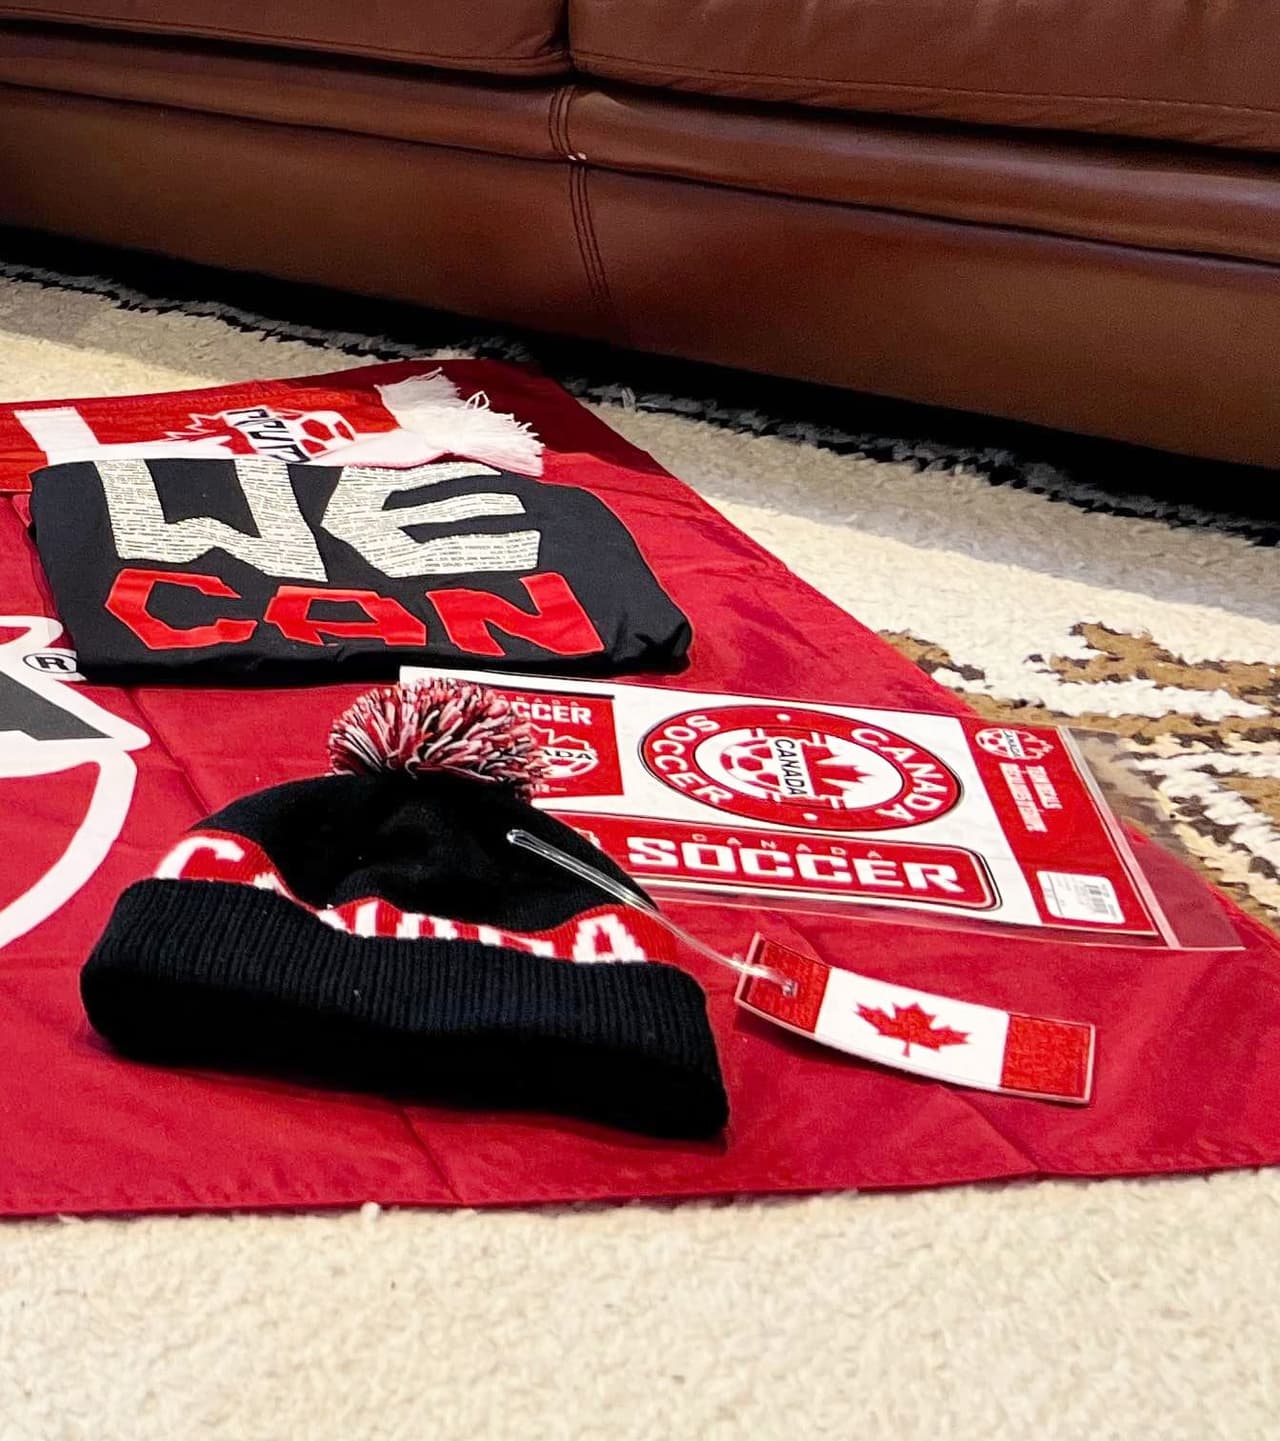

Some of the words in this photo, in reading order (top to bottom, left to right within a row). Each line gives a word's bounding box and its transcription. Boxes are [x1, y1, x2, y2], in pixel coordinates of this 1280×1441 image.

[93, 458, 541, 582] WE
[104, 569, 605, 656] CAN
[510, 700, 593, 726] CCER
[651, 714, 735, 804] SOCCER
[774, 738, 808, 797] CANADA
[850, 727, 949, 822] CANADA
[626, 836, 967, 894] SOCCER
[692, 833, 883, 860] CANADA
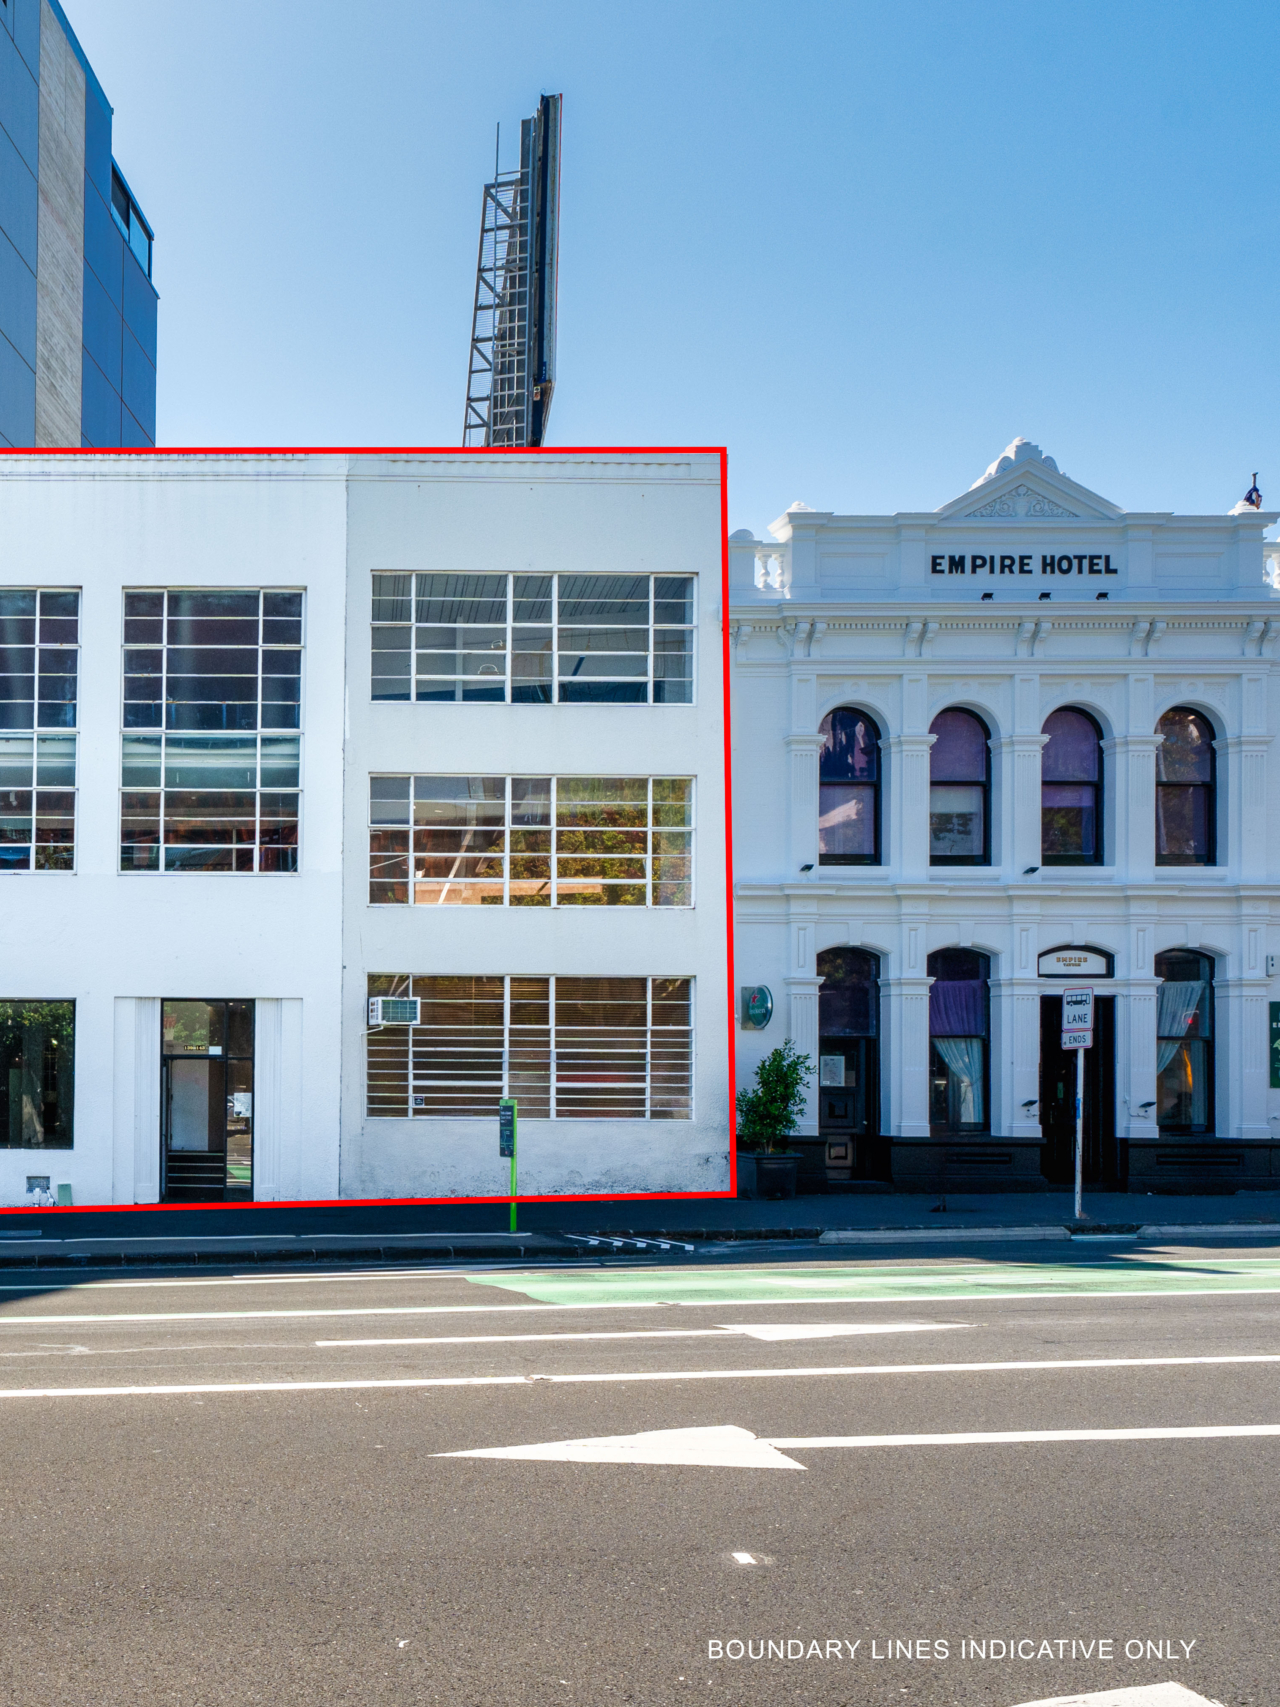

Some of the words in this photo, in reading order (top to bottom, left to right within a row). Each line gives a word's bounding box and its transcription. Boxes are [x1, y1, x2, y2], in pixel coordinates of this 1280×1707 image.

[931, 555, 1033, 575] EMPIRE
[1041, 555, 1118, 575] HOTEL
[1067, 1013, 1088, 1024] LANE
[1069, 1035, 1087, 1044] ENDS

——————————

Print the entire listing precisely as written, omitting the images it holds.

Response to the task:
Some of the words in this photo, in reading order (top to bottom, left to right within a row). Each line gives a word's bounding box and its transcription. Boxes are [x1, y1, x2, y2], in pixel coordinates of this 1280×1441 image.

[93, 458, 541, 582] WE
[104, 569, 605, 656] CAN
[510, 700, 593, 726] CCER
[651, 714, 735, 804] SOCCER
[774, 738, 808, 797] CANADA
[850, 727, 949, 822] CANADA
[626, 836, 967, 894] SOCCER
[692, 833, 883, 860] CANADA

Some of the words in this photo, in reading order (top to bottom, left to right within a row). Each line gives a word's bounding box and its transcription. Boxes are [x1, y1, x2, y2], in pixel coordinates of this 1280×1707 image.

[931, 555, 1033, 575] EMPIRE
[1041, 555, 1118, 575] HOTEL
[1067, 1013, 1088, 1024] LANE
[1069, 1035, 1087, 1044] ENDS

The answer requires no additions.